Borane dimethylsulfide
- Names: IUPAC name (Dimethylsulfonio)trihydridoborate

Identifiers
- CAS Number: 13292-87-0;
- 3D model (JSmol): Interactive image;
- ChemSpider: 28533982;
- ECHA InfoCard: 100.032.998
- EC Number: 236-313-6;
- PubChem CID: 12423031;
- UNII: 6AVE9SRR08;
- CompTox Dashboard (EPA): DTXSID3051672 ;

Properties
- Chemical formula: BH_{3}·S(CH_{3})_{2}
- Molar mass: 75.96 g/mol
- Appearance: colorless liquid
- Density: 0.801 g/mL

= Borane dimethylsulfide =

Borane dimethylsulfide (BMS) is a chemical compound with the chemical formula BH3*S(CH3)2. It is an adduct between borane molecule (BH3) and dimethyl sulfide molecule (S(CH3)2). It is a complexed borane reagent that is used for hydroborations and reductions. The advantages of BMS over other borane reagents, such as borane-tetrahydrofuran, are its increased stability and higher solubility. BMS is commercially available at much higher concentrations than its tetrahydrofuran counterpart (10 M) and does not require sodium borohydride as a stabilizer, which could result in undesired side reactions. In contrast, BH3*THF requires sodium borohydride to inhibit reduction of THF to tributyl borate (B(OCH2CH2CH2CH3)3). BMS is soluble in most aprotic solvents.

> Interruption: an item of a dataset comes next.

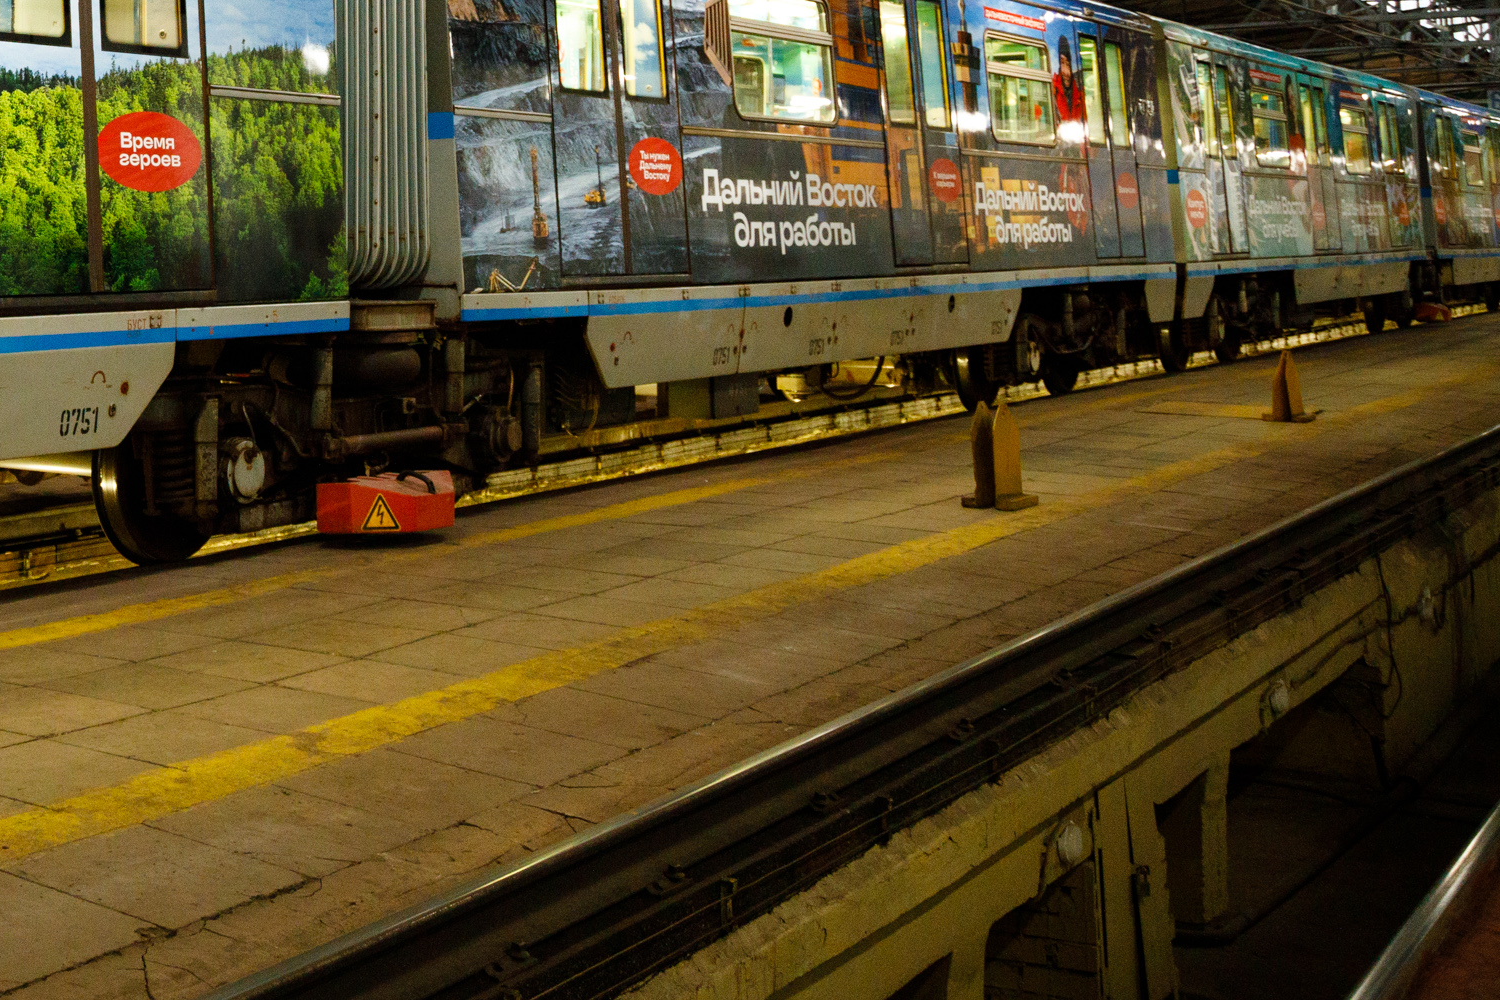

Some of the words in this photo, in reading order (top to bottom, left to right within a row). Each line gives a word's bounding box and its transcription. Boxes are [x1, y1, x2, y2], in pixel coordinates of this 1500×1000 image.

==Preparation and structure==
Although usually purchased, BMS can be prepared by absorbing diborane into dimethyl sulfide:
B2H6 + 2 S(CH3)2 → 2 BH3*S(CH3)2

It can be purified by bulb to bulb vacuum transfer. Although a structure of BMS has not been determined crystallographically, (pentafluorophenyl)-borane dimethylsulfide (C6F5BH2*S(CH3)2), has been examined by X-ray crystallography. The boron atom adopts a tetrahedral molecular geometry.

==Reactions==
===Hydroborations===
Due to the experimental ease of its use, BMS has become common in hydroboration reactions. In hydroborations with BMS, the dimethylsulfide dissociates in situ, liberating diborane, which rapidly adds to the unsaturated bonds. The resulting organoborane compounds are useful intermediates in organic synthesis. Boranes add to alkenes in an anti-Markovnikov fashion and allow conversion of alkynes to the corresponding cis-alkenes.

===Reductions===
BMS has been employed for the reduction of many functional groups. Reductions of aldehydes, ketones, epoxides, esters, and carboxylic acids give the corresponding alcohols. Lactones are reduced to diols, and nitriles are reduced to amines. Acid chlorides are not reduced by BMS.

Borane dimethylsulfide is one of the most common bulk reducing agents used in the Corey–Itsuno reduction. The dimethylsulfide ligand attenuates the reactivity of the borane. Activation by the nitrogen of the chiral oxazaborolidine catalyst of the stoichiometric reducing agent allows for asymmetric control of the reagent. In general BMS does not lead to significantly greater enantiomeric selectivities than borane-THF, however its increased stability in the presence of moisture and oxygen makes it the reagent of choice for the reduction.

==Safety==
Borane dimethylsulfide is flammable and reacts readily with water to produce a flammable gas. It also has an unpleasant smell.